#### TASK DESCRIPTION:
The goal here is an exact copy of the entries below, without their pictures.
★ ★ ★
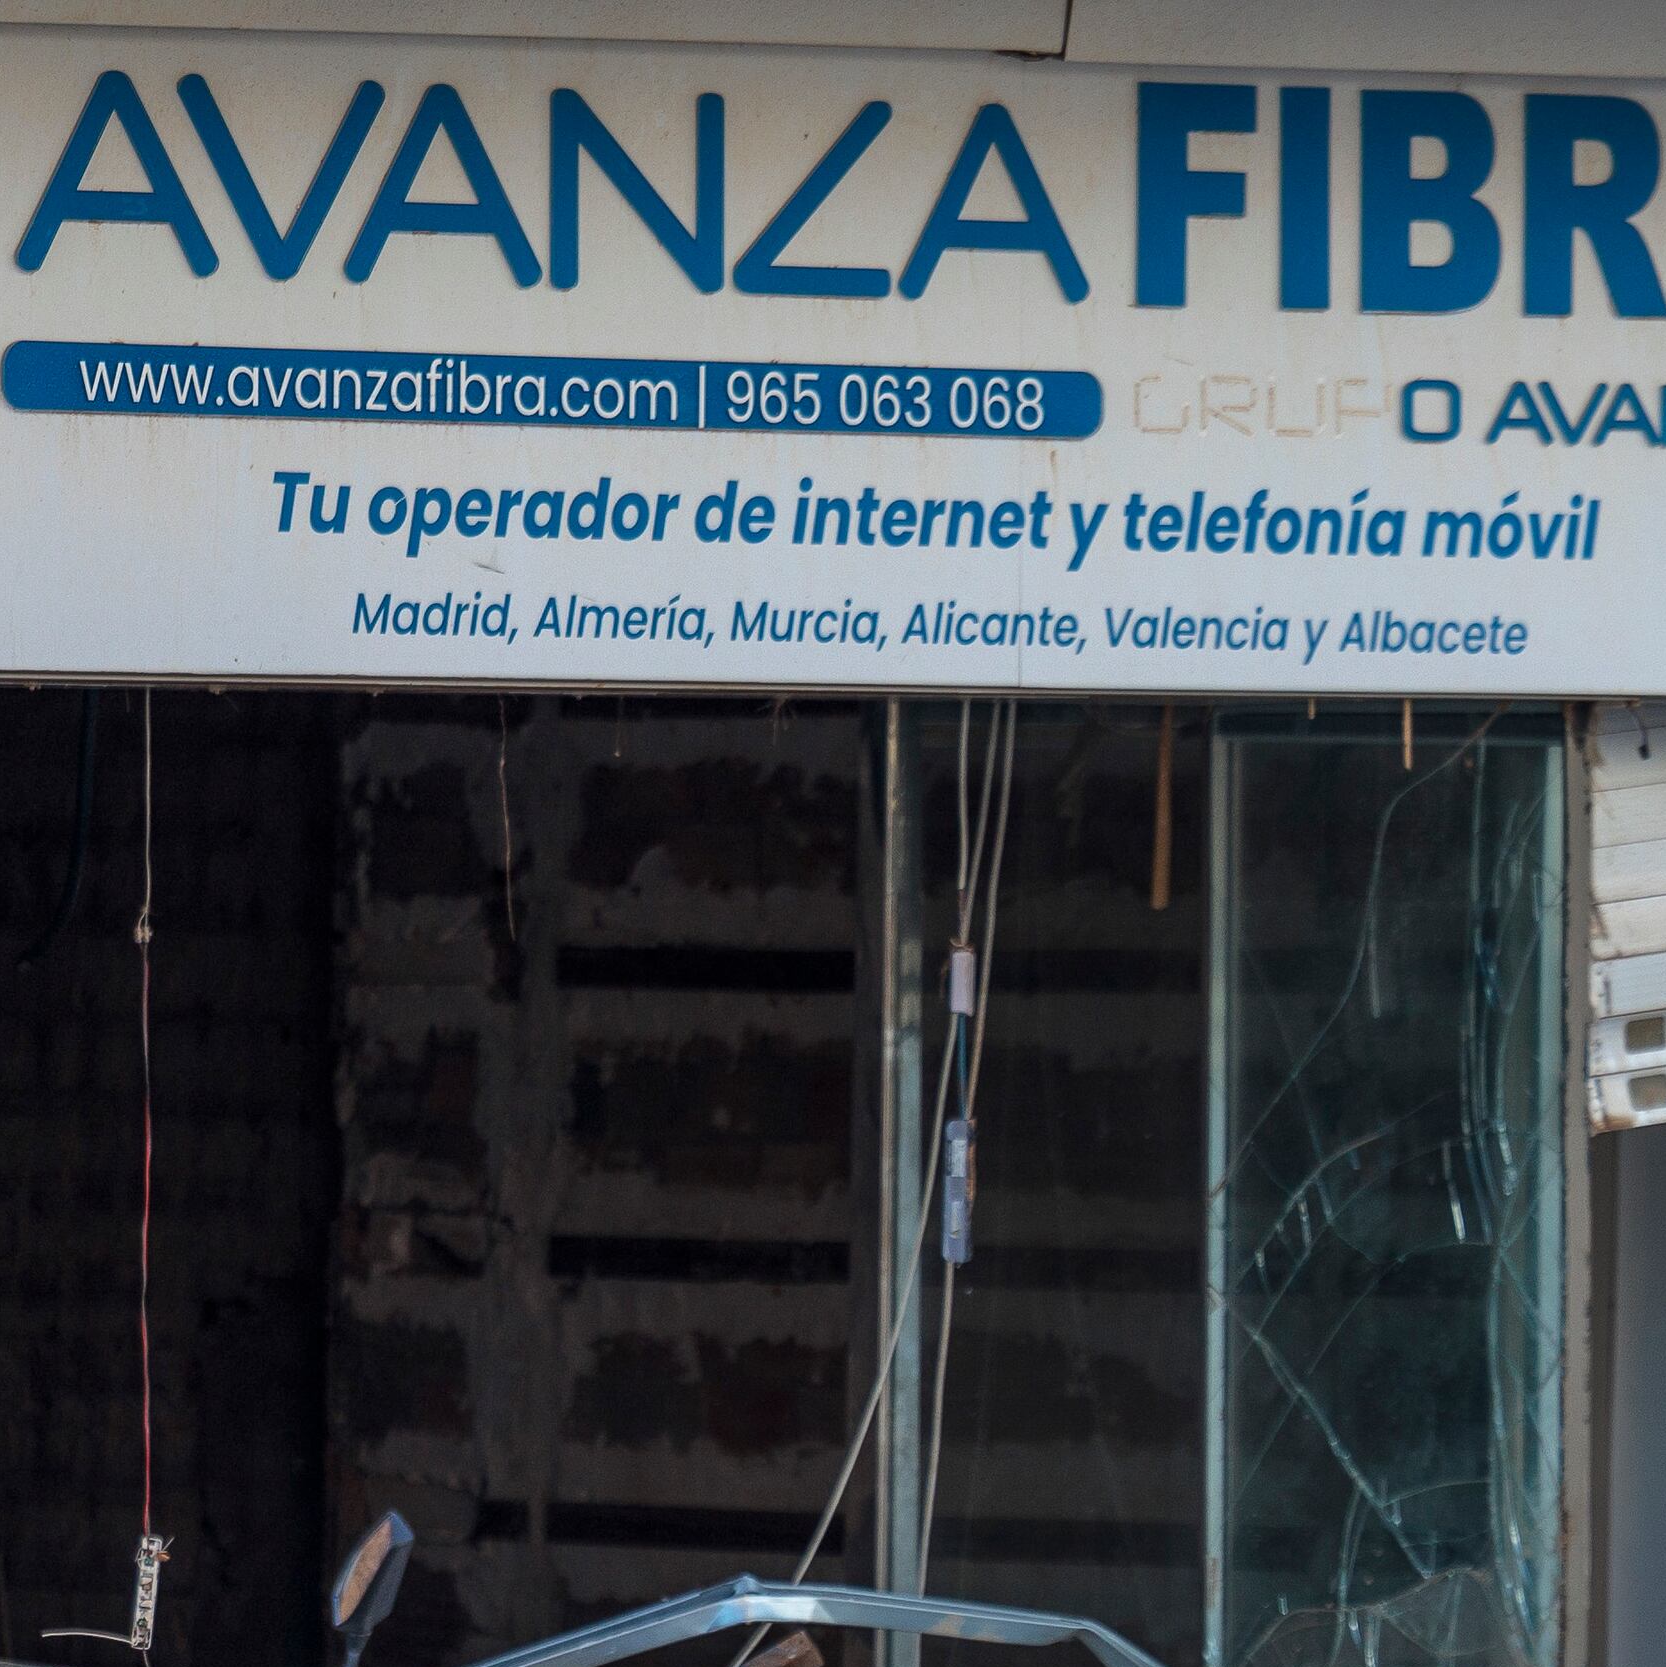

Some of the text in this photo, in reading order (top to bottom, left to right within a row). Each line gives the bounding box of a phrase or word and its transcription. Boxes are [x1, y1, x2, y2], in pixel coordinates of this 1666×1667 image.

[17, 73, 1089, 303] AVANZA
[79, 358, 678, 421] www.avanzafibra.com
[727, 370, 821, 425] 965
[839, 373, 931, 428] 063
[950, 376, 1044, 431] 068
[273, 471, 1600, 572] Tu operador de internet y telefonía móvil
[352, 591, 1528, 662] Madrid, Almería, Murcia, Alicante, Valencia y Albacete
★ ★ ★
#### ANSWER TO THIS EXERCISE:
Some of the text in this photo, in reading order (top to bottom, left to right within a row). Each line gives the bounding box of a phrase or word and its transcription. Boxes are [x1, y1, x2, y2], in pixel coordinates of this 1666×1667 image.

[17, 73, 1089, 303] AVANZA
[79, 358, 678, 421] www.avanzafibra.com
[727, 370, 821, 425] 965
[839, 373, 931, 428] 063
[950, 376, 1044, 431] 068
[273, 471, 1600, 572] Tu operador de internet y telefonía móvil
[352, 591, 1528, 662] Madrid, Almería, Murcia, Alicante, Valencia y Albacete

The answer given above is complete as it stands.